Instructions to follow => Write out every record below exactly as it appears, omitting the pictures.

******

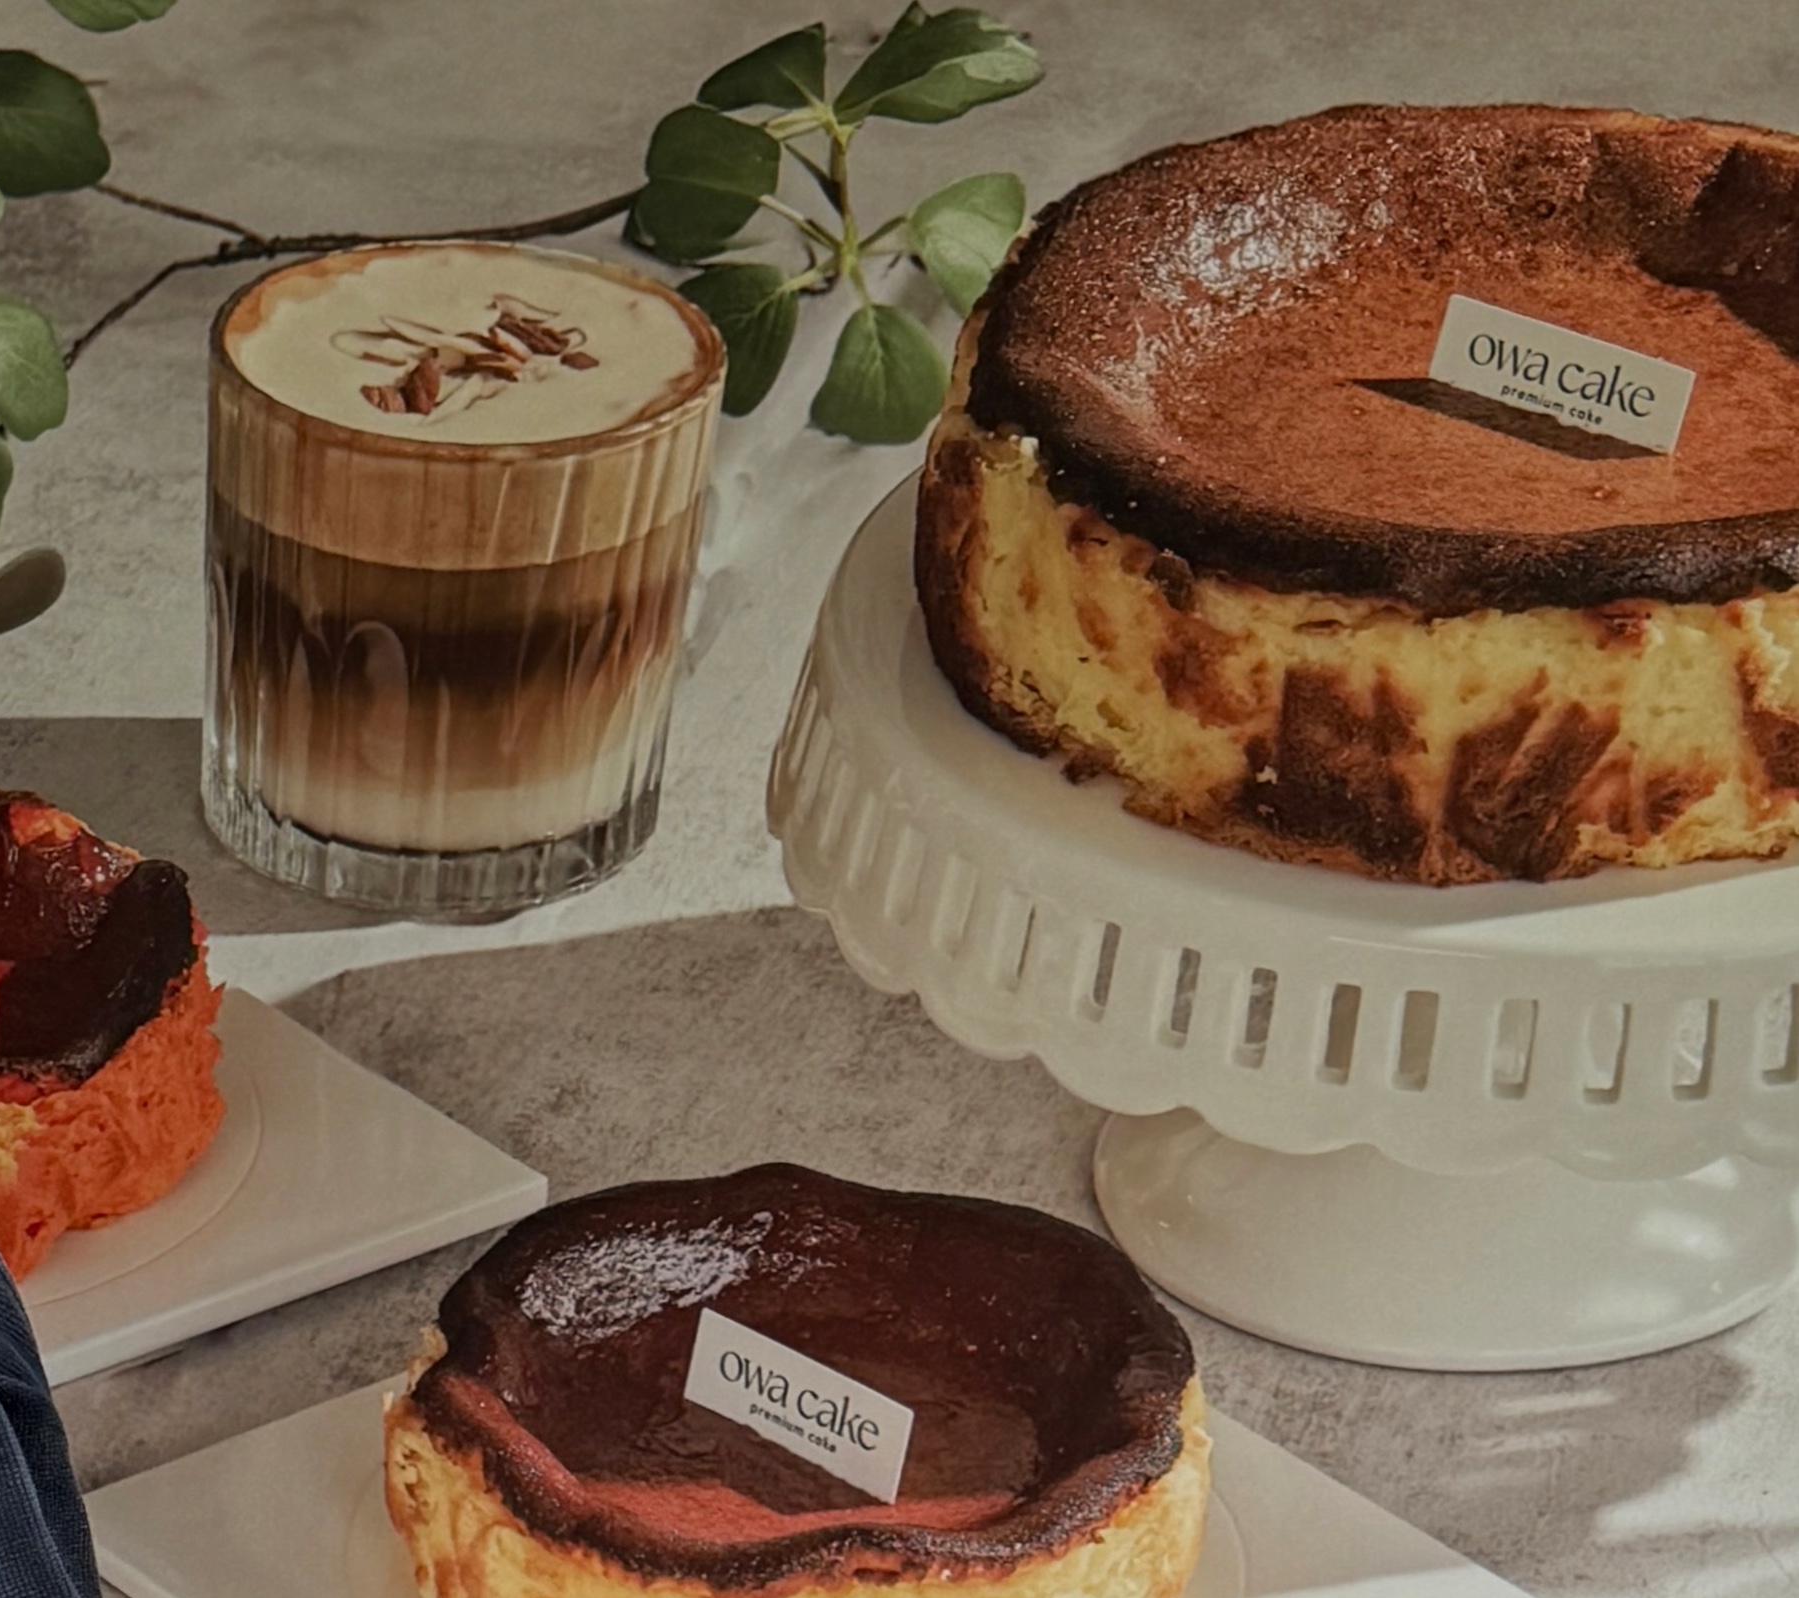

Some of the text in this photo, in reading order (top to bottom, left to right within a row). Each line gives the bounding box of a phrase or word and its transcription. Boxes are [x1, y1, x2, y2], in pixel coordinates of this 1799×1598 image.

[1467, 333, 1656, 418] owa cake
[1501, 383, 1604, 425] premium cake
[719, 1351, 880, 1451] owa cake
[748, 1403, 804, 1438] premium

******

Result of this task =>
Some of the text in this photo, in reading order (top to bottom, left to right within a row). Each line gives the bounding box of a phrase or word and its transcription. Boxes are [x1, y1, x2, y2], in pixel coordinates of this 1799×1598 image.

[1467, 333, 1656, 418] owa cake
[1501, 383, 1604, 425] premium cake
[719, 1351, 880, 1451] owa cake
[748, 1403, 804, 1438] premium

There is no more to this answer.